Bryn Mawr Bank Corporation Announces Private Placement of $30 Million of 4.75% Subordinated Notes Due 2025 and Stock Repurchase Plan

  • Posted: 08/6/2015
  • Castle Creek

BRYN MAWR, Pa.–(GLOBE NEWSWIRE)–Bryn Mawr Bank Corporation (NASDAQ:BMTC) (the “Corporation”), parent of The Bryn Mawr Trust Company (the “Bank”), today announced that it has completed a private placement to certain institutional accredited investors of $30 million in aggregate principal amount of 4.75% fixed-to-floating subordinated notes (the “Notes”) which have been assigned an investment grade rating of BBB+ by Kroll Bond Rating Agency (“Kroll”).  The Notes are non-callable for five years, and have a stated maturity of August 15, 2025.  They will bear interest at a fixed rate of 4.75% until August 14, 2020, and thereafter will bear interest, until maturity or early redemption, at a variable rate that will reset quarterly to a level equal to the then current 3-month LIBOR plus 306.8 basis points.

The Notes were issued at the holding company level, and have been structured to qualify as Tier 2 capital under regulatory guidelines.  The Corporation intends to use the proceeds from the sale for general corporate purposes including share repurchases, funding of the termination of the Corporation’s pension plan, possible acquisitions and organic growth.
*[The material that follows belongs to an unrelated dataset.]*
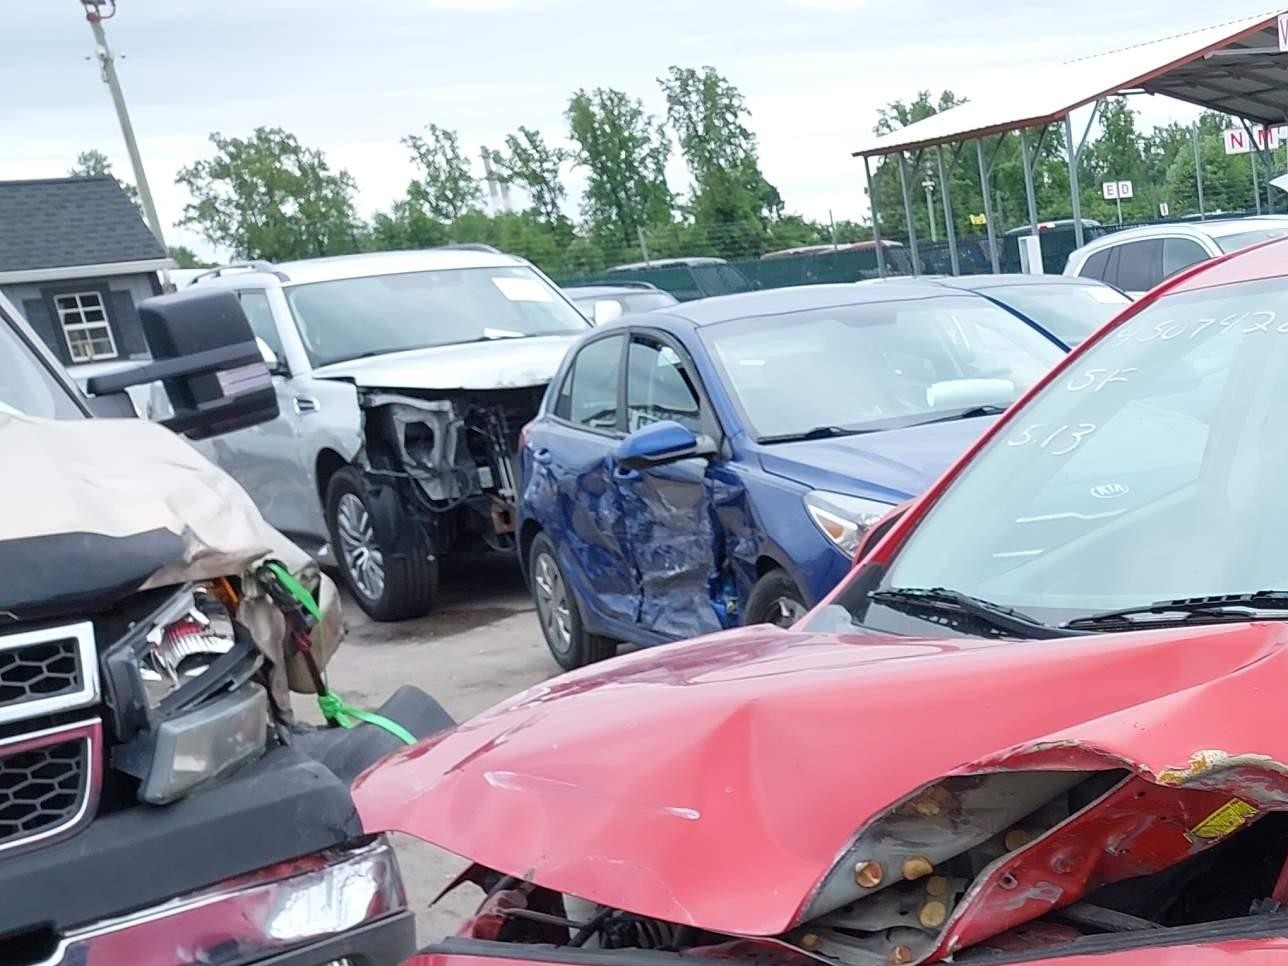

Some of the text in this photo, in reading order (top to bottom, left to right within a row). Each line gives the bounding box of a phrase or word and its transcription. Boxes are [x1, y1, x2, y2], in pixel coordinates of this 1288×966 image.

[1230, 132, 1243, 150] N
[1106, 184, 1114, 196] E
[1121, 183, 1129, 195] D
“We are extremely proud of the vote of confidence the market has signaled by achieving an initial 4.75% interest rate on our subordinated debt, which we understand to be the lowest rate ever achieved in a BBB range Kroll-rated subordinated debt issuance with a 10 year maturity,” Frank Leto, President and Chief Executive Officer of the Corporation commented.  “This offering, along with the recent decisions of our Board of Directors to approve a new stock repurchase plan and terminate our frozen pension plan, are part of our ongoing capital planning strategies.  The pension plan termination will alleviate volatility and unpredictability that we have recently experienced in our earnings as a result of this defined benefit plan.  Having made these strategic moves, we believe we are in a strong position to increase our earnings per share, and to enhance our Tier 2 regulatory capital position.”